Additional regions involved in WMV resistance were also detected on chromosomes 6, 4, and 5, in environments 1, 2, and 3, respectively, which suggests that they are dependent on the environmental conditions. The significance of these minor QTLs was lower, and they explained a lower percentage of the variation (Table 1). Minor QTLs were previously reported also on chromosomes 4 and 5 by Palomares-Rius et al. (2011) using a low-density SSR map, although their position did not overlap with the current report. These minor QTLs were targeted by SSR markers CMN06_25 (18,762,823 bp) and ECM203 (18,478,227 bp), respectively, located in the same chromosome but physically far from the intervals defined here with SNPs (chromosome 4: 23,744,558–28,597,859 and 5: 24,791,006-27,852,627).
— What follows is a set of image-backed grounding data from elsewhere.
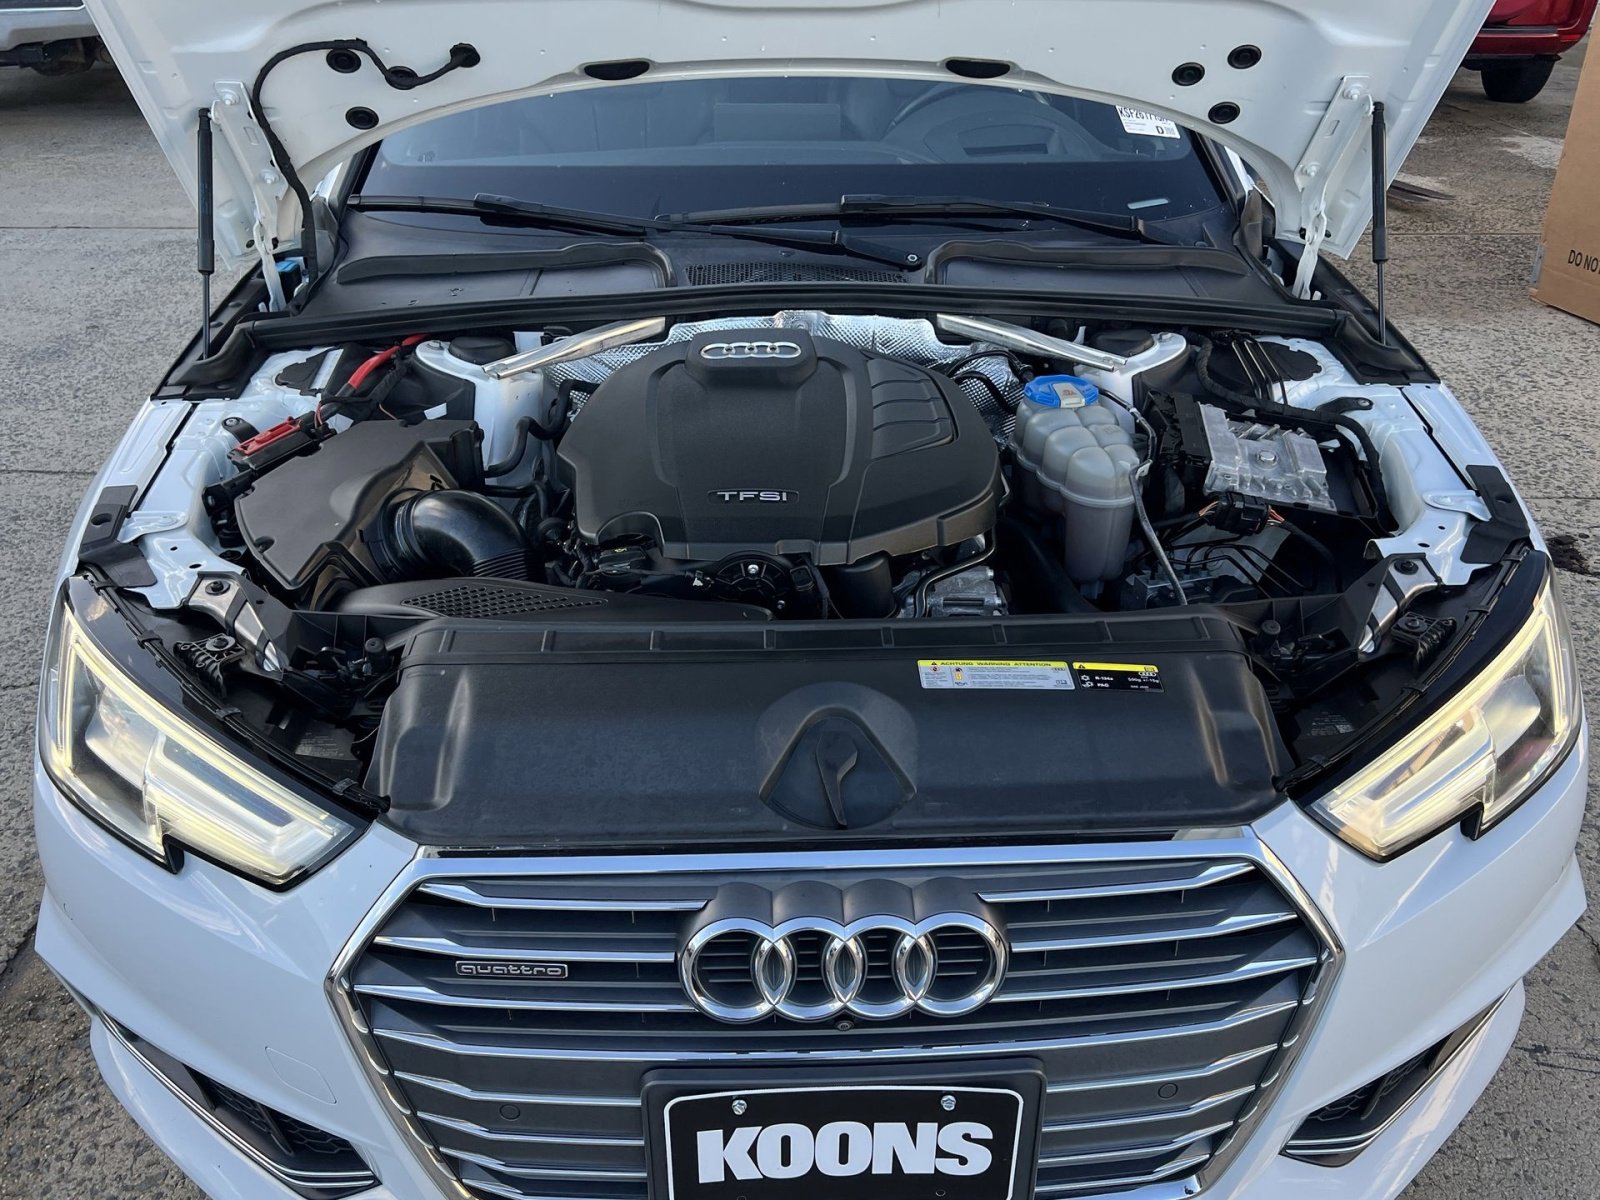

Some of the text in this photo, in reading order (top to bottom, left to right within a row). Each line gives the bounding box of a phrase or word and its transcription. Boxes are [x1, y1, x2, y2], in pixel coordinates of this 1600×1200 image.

[1568, 249, 1600, 275] DO NO
[717, 491, 787, 501] TFSI
[461, 965, 562, 976] quattro
[696, 1121, 994, 1184] KOONS
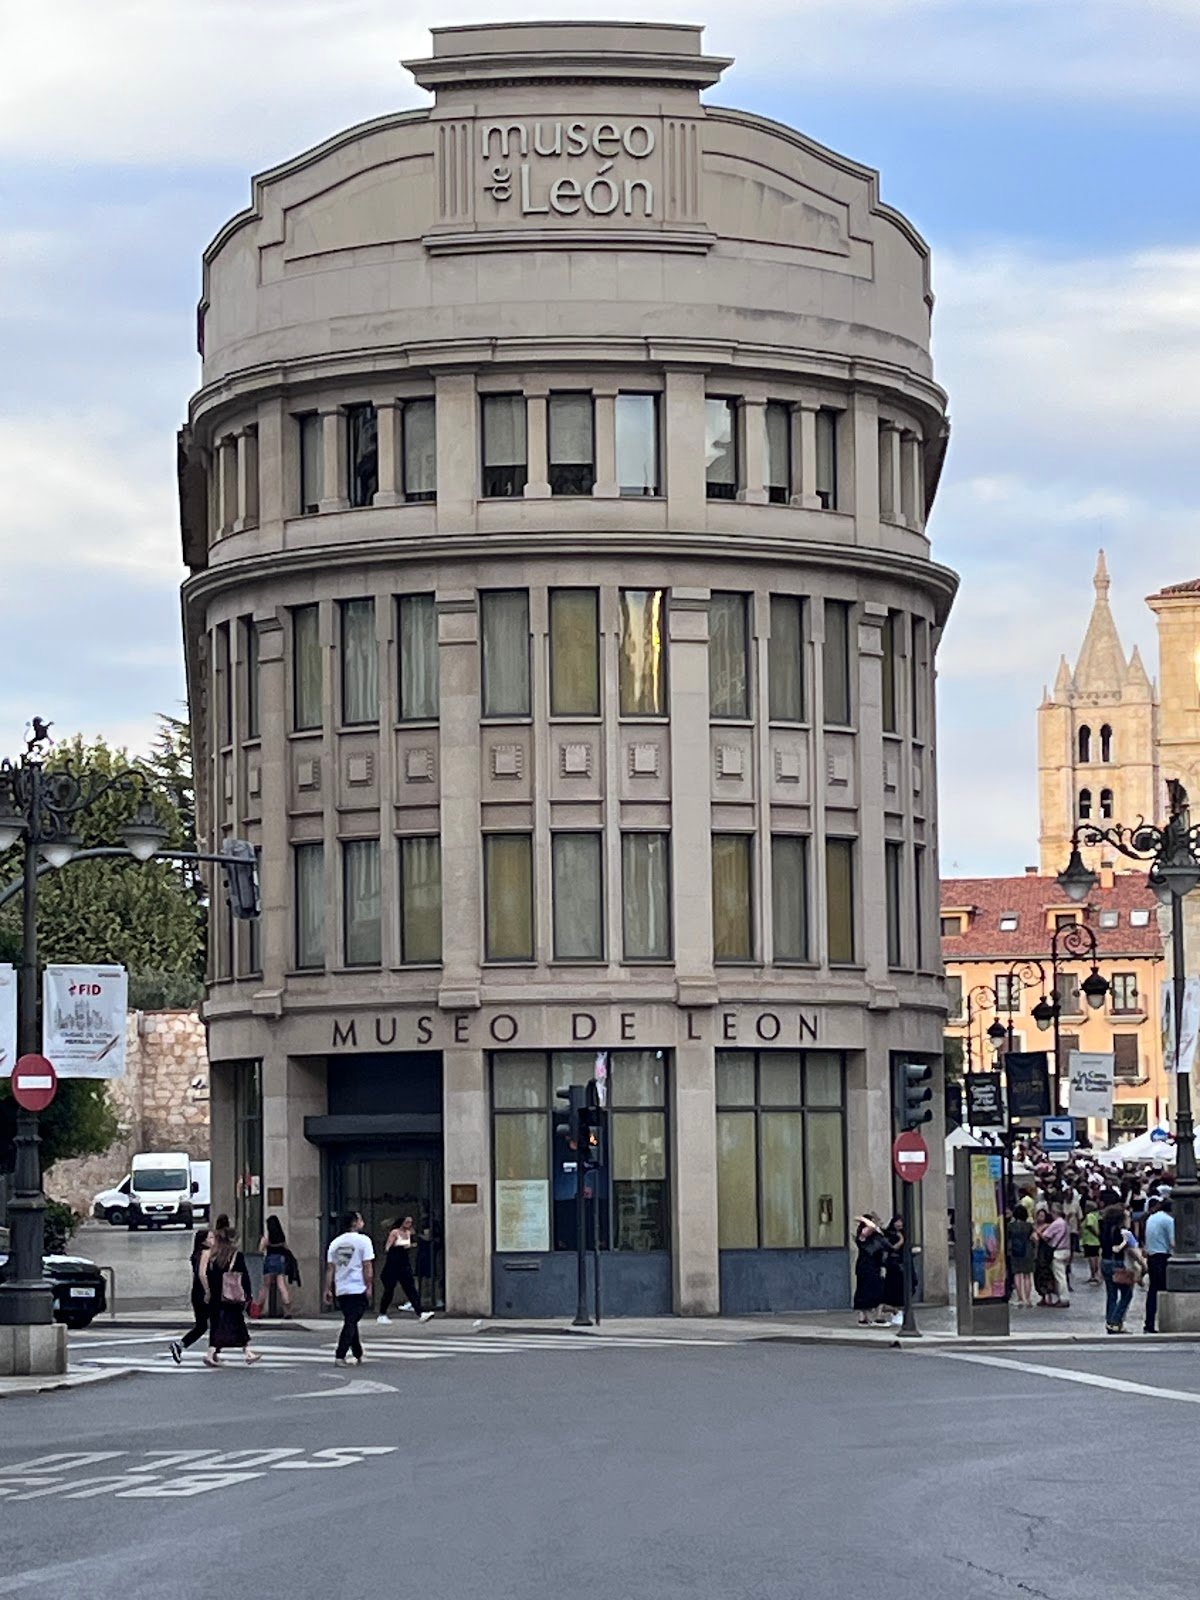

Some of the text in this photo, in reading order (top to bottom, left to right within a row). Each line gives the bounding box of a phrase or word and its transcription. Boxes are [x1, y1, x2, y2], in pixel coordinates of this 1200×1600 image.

[481, 120, 655, 159] museo
[484, 166, 512, 201] de
[520, 160, 654, 217] León
[79, 984, 102, 996] FID
[331, 1011, 819, 1048] MUSEO DE LEON
[0, 1447, 399, 1473] SOLO
The minor QTL in chromosome 6 (4,552,376–6,043,604 bp) had not been previously described.
Phenotyping for resistance and genotyping of BC1S1BC2S1 populations derived from RIL143 and RIL408
Before genotyping the RIL population with SSRs in Palomares-Rius et al. (2011), a backcross and selfing program was started with some selected RILs (the most vigorous RILs that showed the highest resistance levels in the three phenotyping assays were selected), conducting resistance selection in each generation to produce BC1S1BC2S1 populations. Once the SSR genotyping of RILs was available and used to conduct the preliminary QTL analysis (Palomares-Rius et al. 2011), two of these populations, the BC1S1BC2S1 derived from RILs 143 and 408, were selected for further phenotyping. As stated before in the study by Palomares-Rius et al. (2011), both RILs, 143 and 408, were homozygous for the TGR-1551 alleles in the major candidate region of chromosome 11 (flanked by SSRs ECM215 and CMN04_35), and in the candidate region of chromosome 4, targeted by SSR CMN06_25. For the candidate region of chromosome 5, targeted by SSR ECM203, the line 143 was heterozygous and the line 408 homozygous for TGR-1551 alleles. These genotypes were later confirmed with the SNPs generated with the GBS (Online Resource 4).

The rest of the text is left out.